Technology giant IBM announced Thursday a massive $5 billion investment in a new program designed to help businesses protect open-source software from growing cyber threats.
The program, named Project Lightwell, aims to establish a central security clearinghouse for freely available software code, creating a framework for managing risks throughout the software supply chain.
Freely available software code that can be used and modified by anyone powers the technology infrastructure of most businesses today.
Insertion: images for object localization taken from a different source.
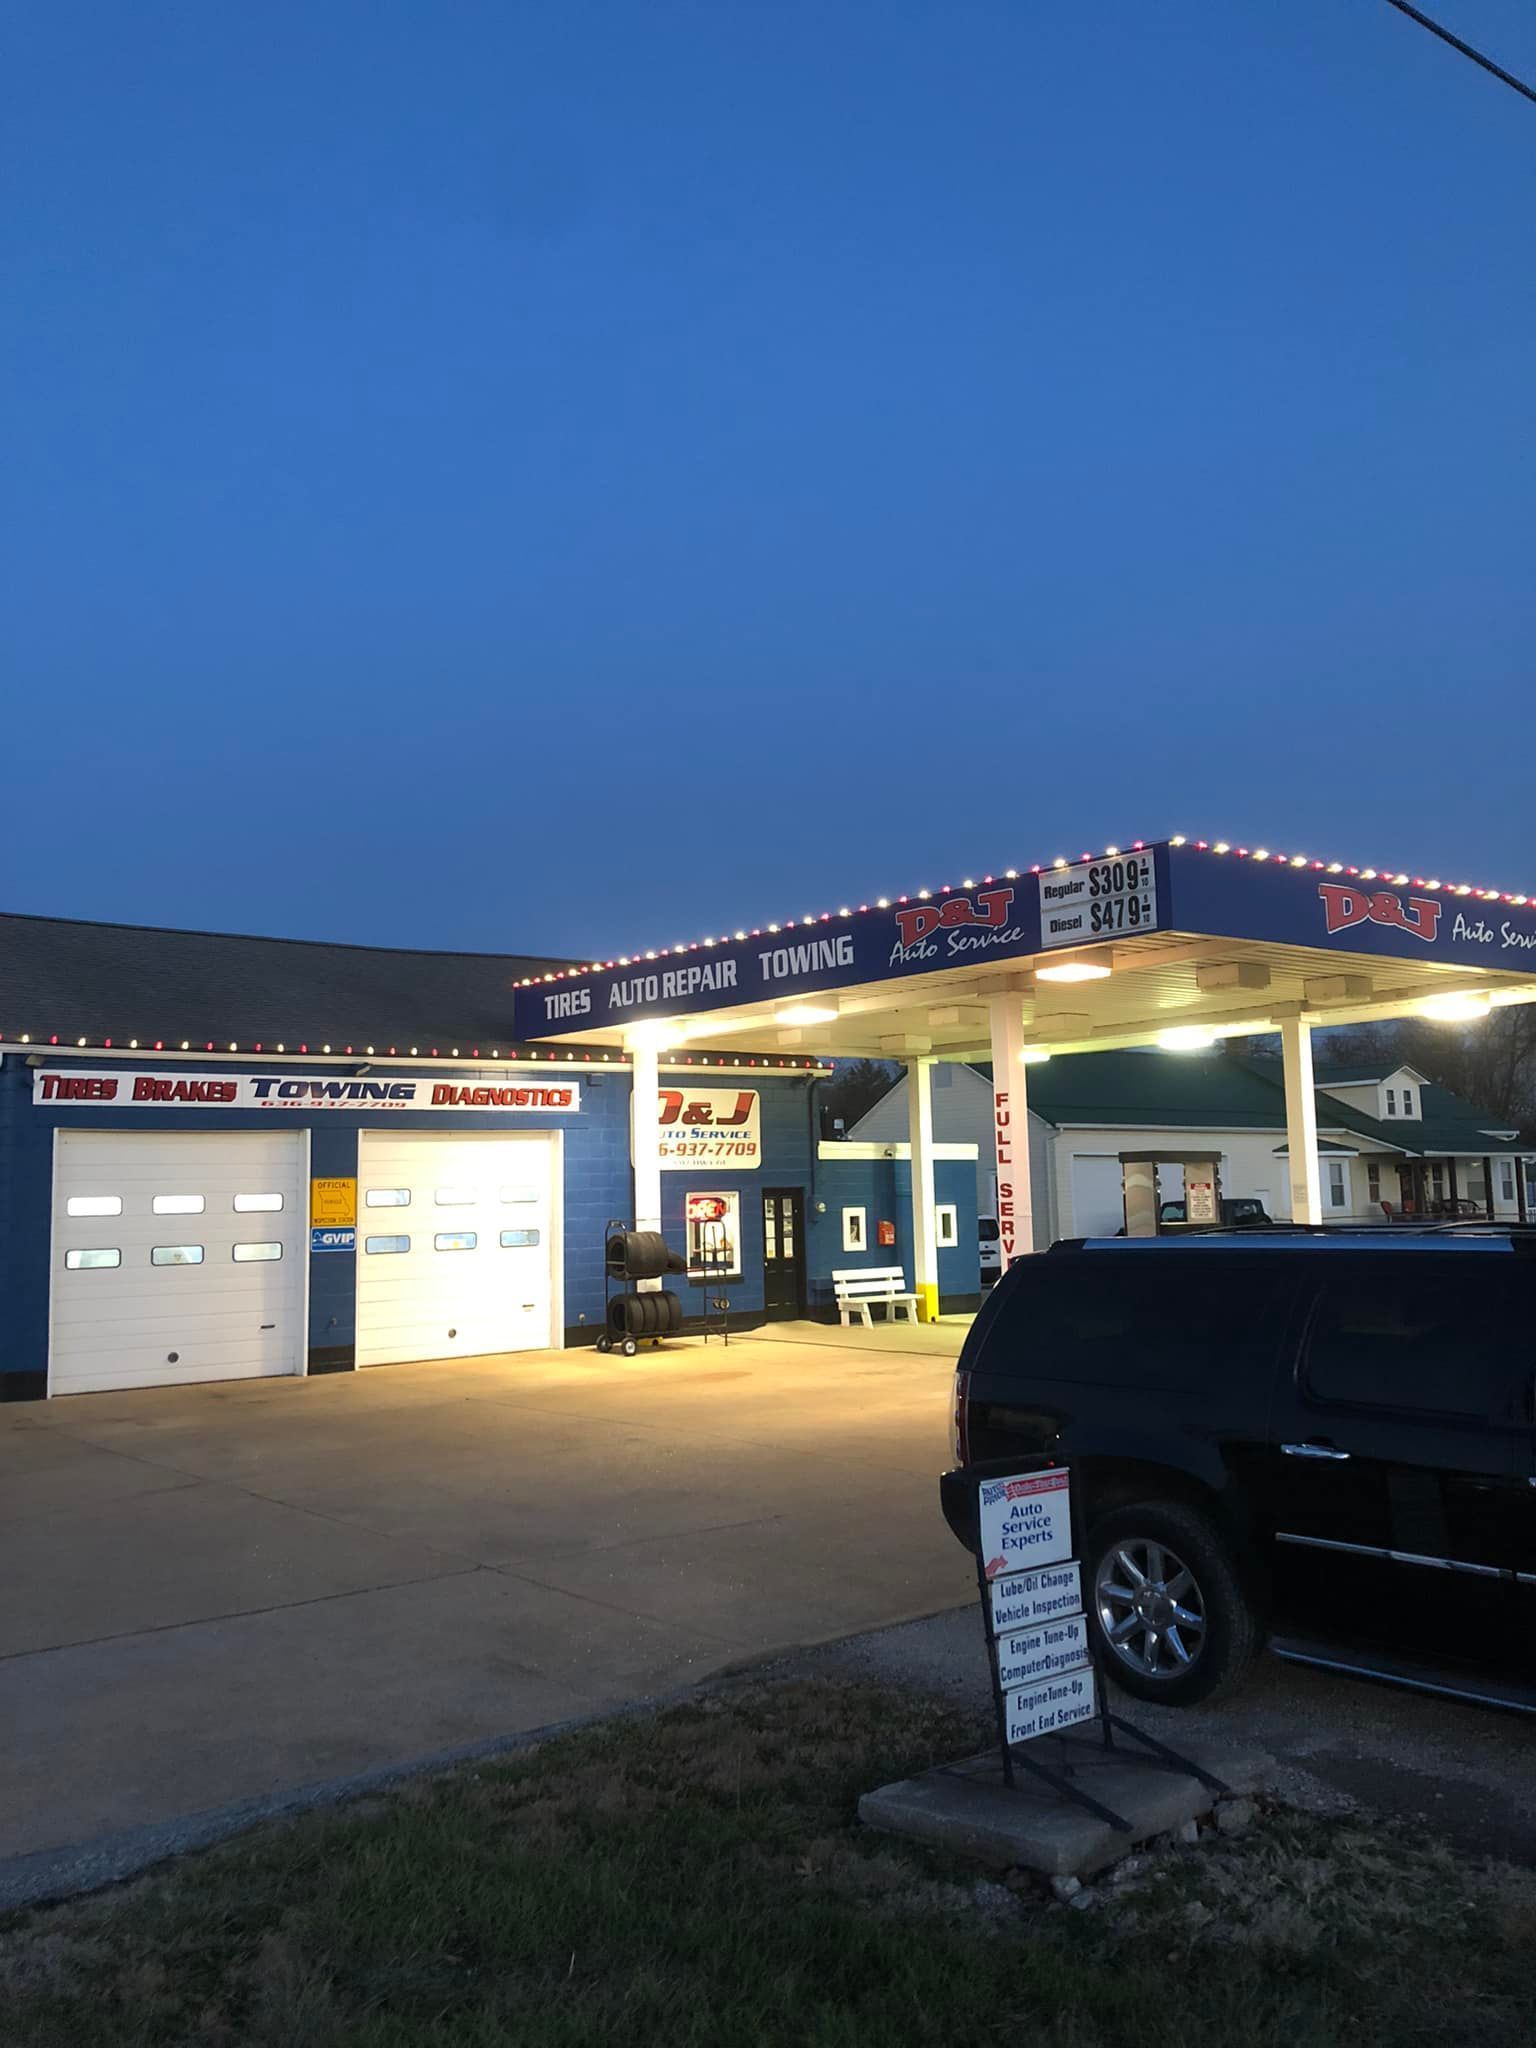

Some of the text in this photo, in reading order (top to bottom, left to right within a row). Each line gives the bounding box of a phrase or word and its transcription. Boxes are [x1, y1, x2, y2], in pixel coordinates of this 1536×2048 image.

[1044, 881, 1085, 899] Regular
[1088, 860, 1139, 897] $309
[895, 888, 1014, 951] D&J
[1050, 915, 1082, 933] Diesel
[1090, 895, 1140, 932] $479
[1318, 883, 1442, 942] D&J
[1452, 913, 1494, 942] Auto
[889, 925, 1024, 967] Auto Service
[544, 935, 855, 1020] TIRES AUTO REPAIR TOWING
[40, 1075, 573, 1107] TIRES BRAKES TOWING DIAGNOSTICS
[690, 1128, 752, 1139] SERVICE
[996, 1093, 1012, 1164] FULL
[658, 1142, 757, 1157] 6-937-7709
[317, 1181, 350, 1190] OFFICIAL
[688, 1202, 726, 1219] OPEN
[322, 1232, 354, 1244] GVIP
[1002, 1516, 1052, 1536] Service
[1010, 1503, 1043, 1519] Auto
[1001, 1530, 1053, 1550] Experts
[1001, 1572, 1074, 1598] Lube/Oil Change
[995, 1592, 1080, 1624] Vehicle Inspection
[1010, 1624, 1079, 1655] Engine Tune-Up
[1011, 1704, 1091, 1739] Front End Service
However, its widespread adoption has created attractive targets for cybercriminals, especially as artificial intelligence makes it simpler for malicious actors to discover and take advantage of security weaknesses.
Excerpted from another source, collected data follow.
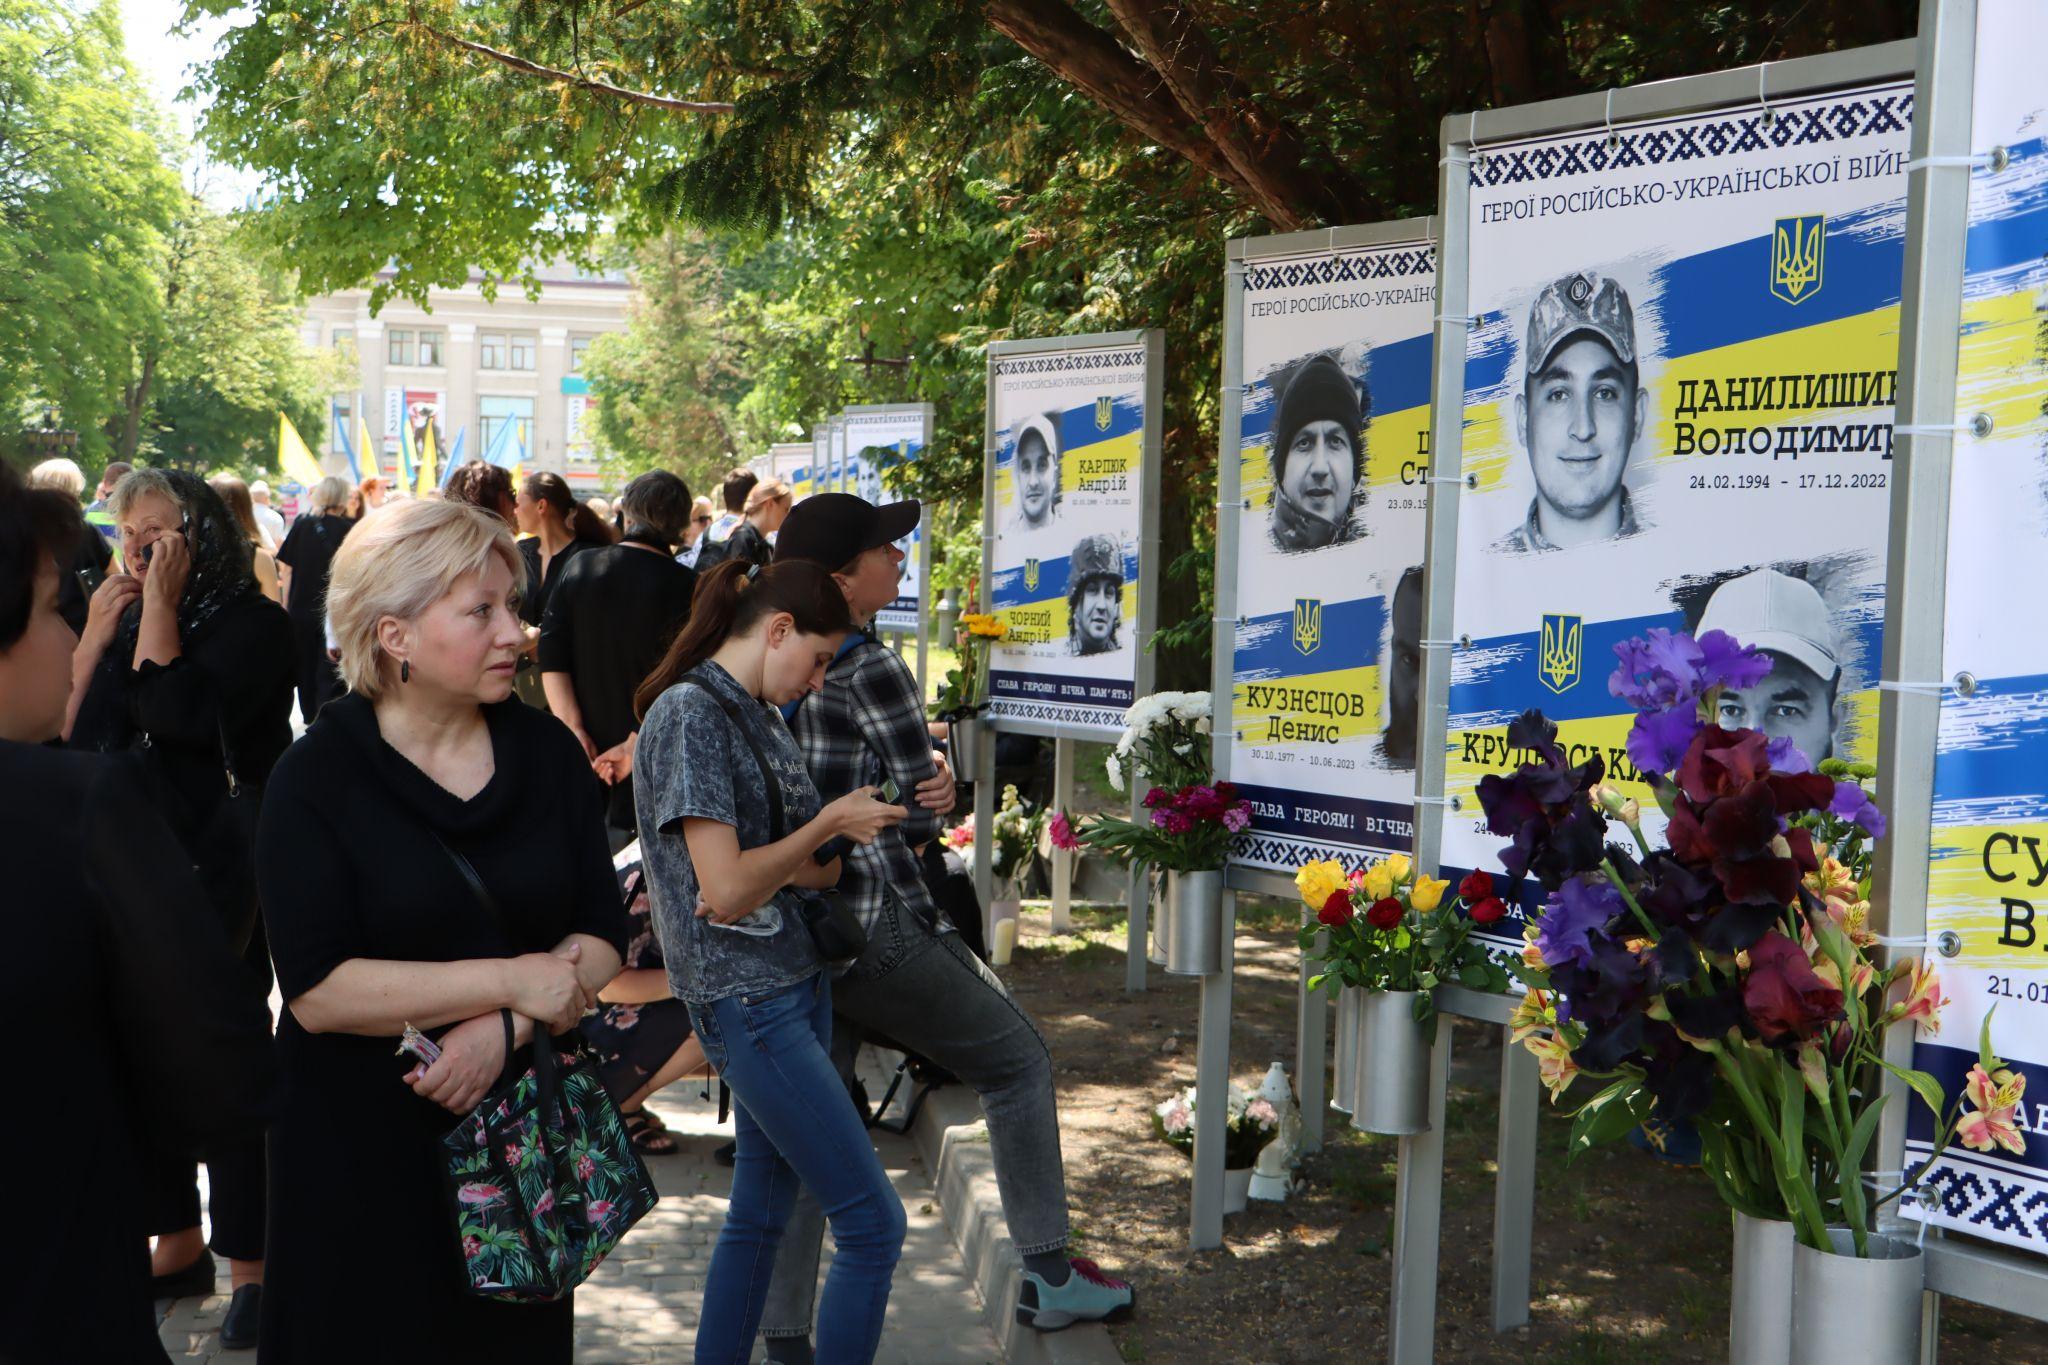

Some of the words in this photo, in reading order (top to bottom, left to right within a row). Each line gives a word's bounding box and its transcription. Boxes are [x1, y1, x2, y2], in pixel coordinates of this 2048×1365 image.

[1481, 194, 1535, 223] ГЕРОЇ
[1540, 160, 1844, 216] РОСІЙСЬКО-УКРАЇНСЬКОЇ
[1251, 298, 1287, 316] ГЕРОЇ
[1078, 458, 1127, 474] КАРПЮК
[1078, 474, 1127, 494] Андрій
[1689, 475, 1770, 489] 24.02.1994
[1799, 474, 1886, 489] 17.12.2022
[1009, 609, 1052, 627] ЧОРНИЙ
[1008, 628, 1051, 645] Андрій
[996, 679, 1019, 690] СЛАВА
[1023, 681, 1056, 694] ГЕРОЯМ!
[1061, 685, 1086, 696] ВІЧНА
[1246, 685, 1364, 719] КУЗНЄЦОВ
[1267, 715, 1339, 744] Денис
[1251, 749, 1295, 763] 30.10.1977
[1310, 756, 1355, 769] 10.06.2023
[1250, 801, 1285, 819] ЛАВА
[1294, 807, 1355, 829] ГЕРОЯМ!
[1366, 817, 1414, 837] ВІЧНА
IBM and its hybrid cloud division Red Hat have tested the program with several major companies, including Bank of America, JPMorgan Chase and Visa, to improve how the system detects and resolves security gaps in complex business software environments.
The service will become available “as a commercial offering in the next 30 days,” IBM’s senior vice president of software, Rob Thomas, told Reuters.
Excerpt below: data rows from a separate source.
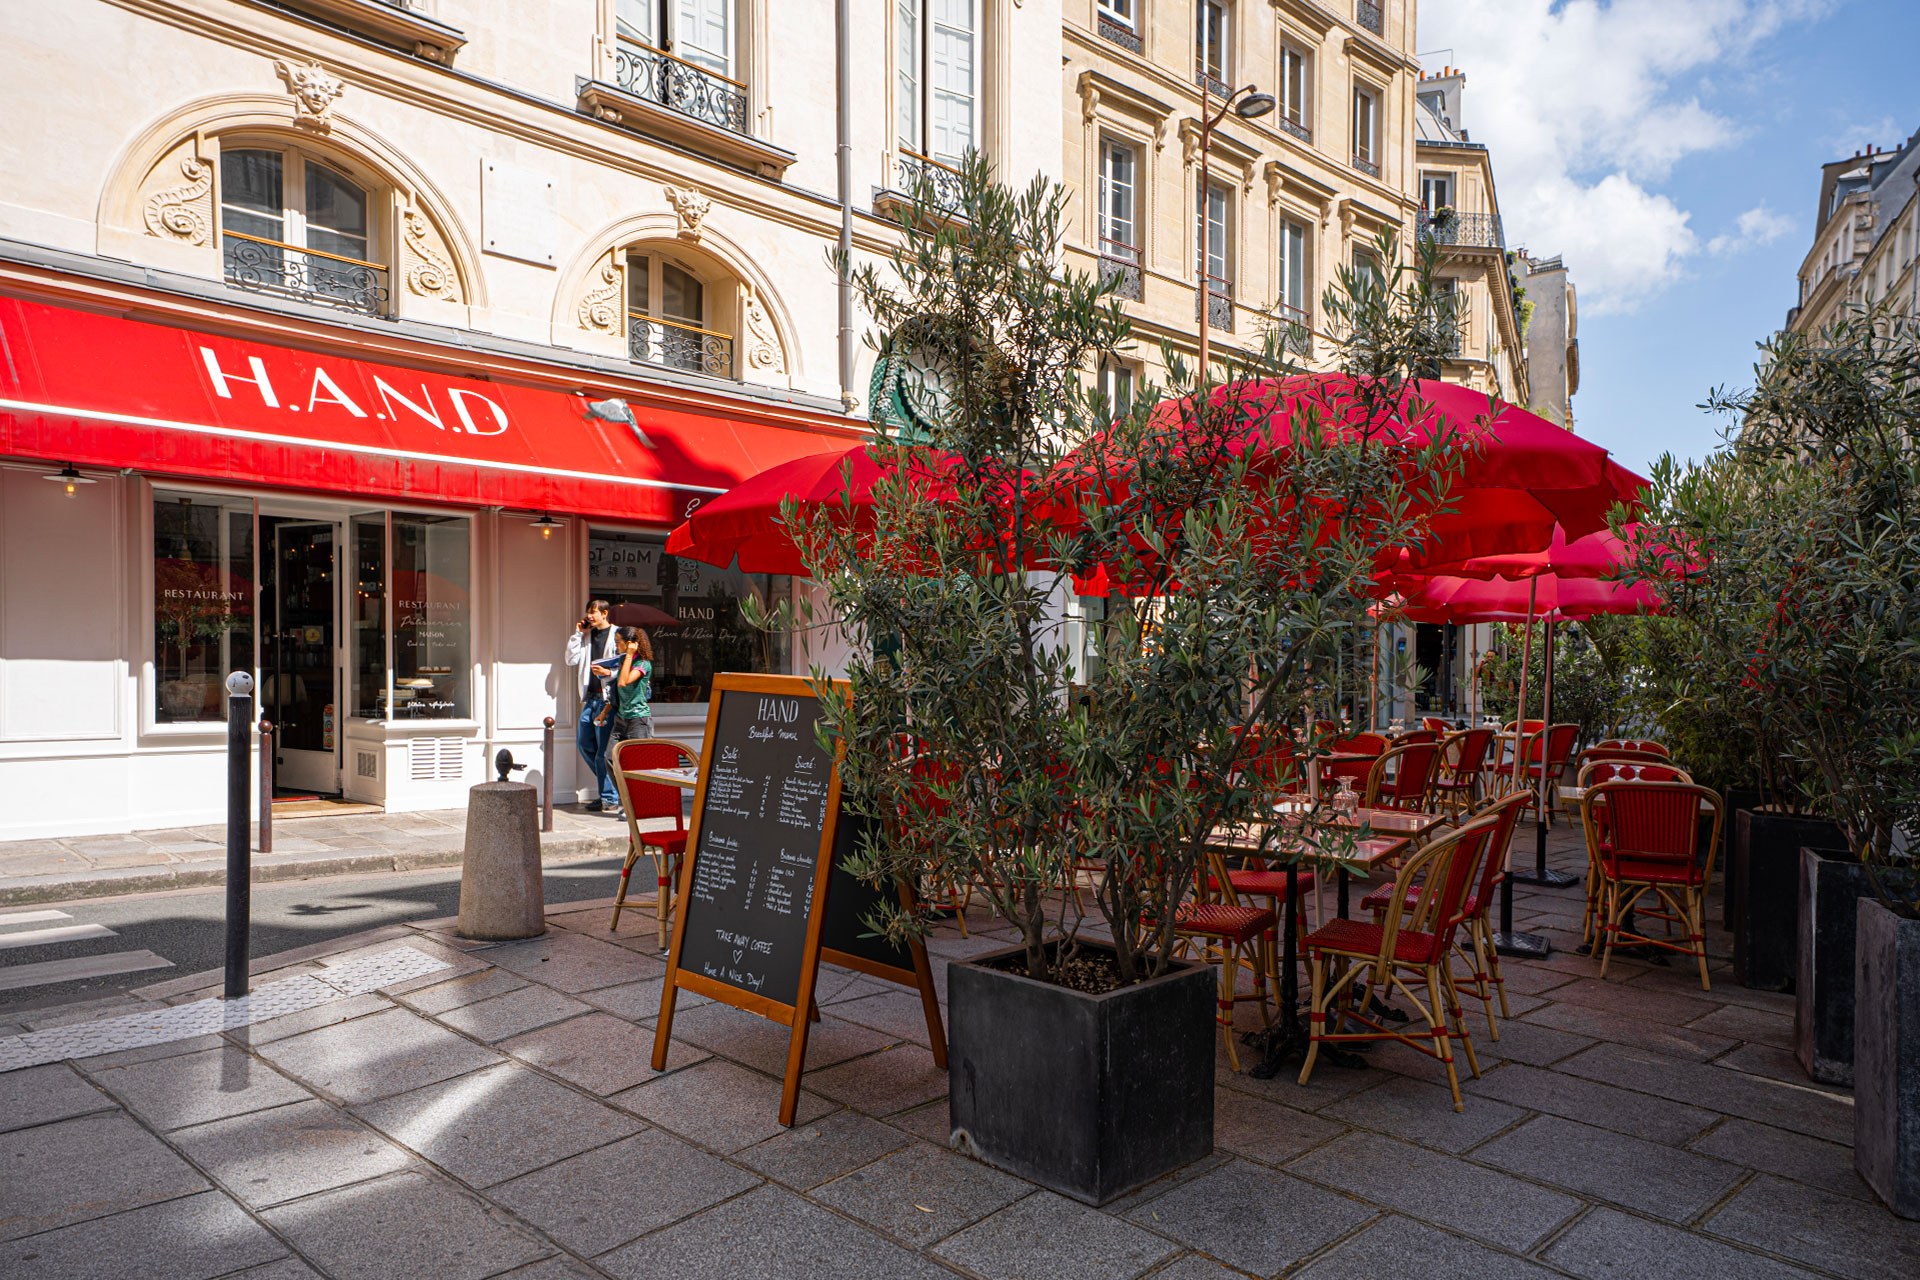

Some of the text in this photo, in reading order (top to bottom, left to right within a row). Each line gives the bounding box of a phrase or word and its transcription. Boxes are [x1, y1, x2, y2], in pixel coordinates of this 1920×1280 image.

[200, 346, 508, 436] H.A.N.D
[164, 588, 244, 601] RESTAURANT
[399, 600, 461, 610] RESTAURANT
[757, 697, 799, 723] HAND
[716, 929, 734, 943] TAKE
[750, 939, 774, 954] COFFEE
According to Thomas, the subscription-based service, likely priced based on the number of software packages used, will provide customers with a “stamp of approval from the clearinghouse that their open source is safe to use in production.”
Project Lightwell will function as a central platform where businesses can privately report security vulnerabilities, obtain tested solutions and distribute those fixes to the wider open-source community.
Built to protect software throughout its entire lifecycle from development to production use, the system will enable companies to integrate verified security updates directly into their current technology infrastructure.
Project Lightwell extends Red Hat’s established method of securing software within its own systems to encompass a wider range of independent open-source elements, including code libraries and AI frameworks.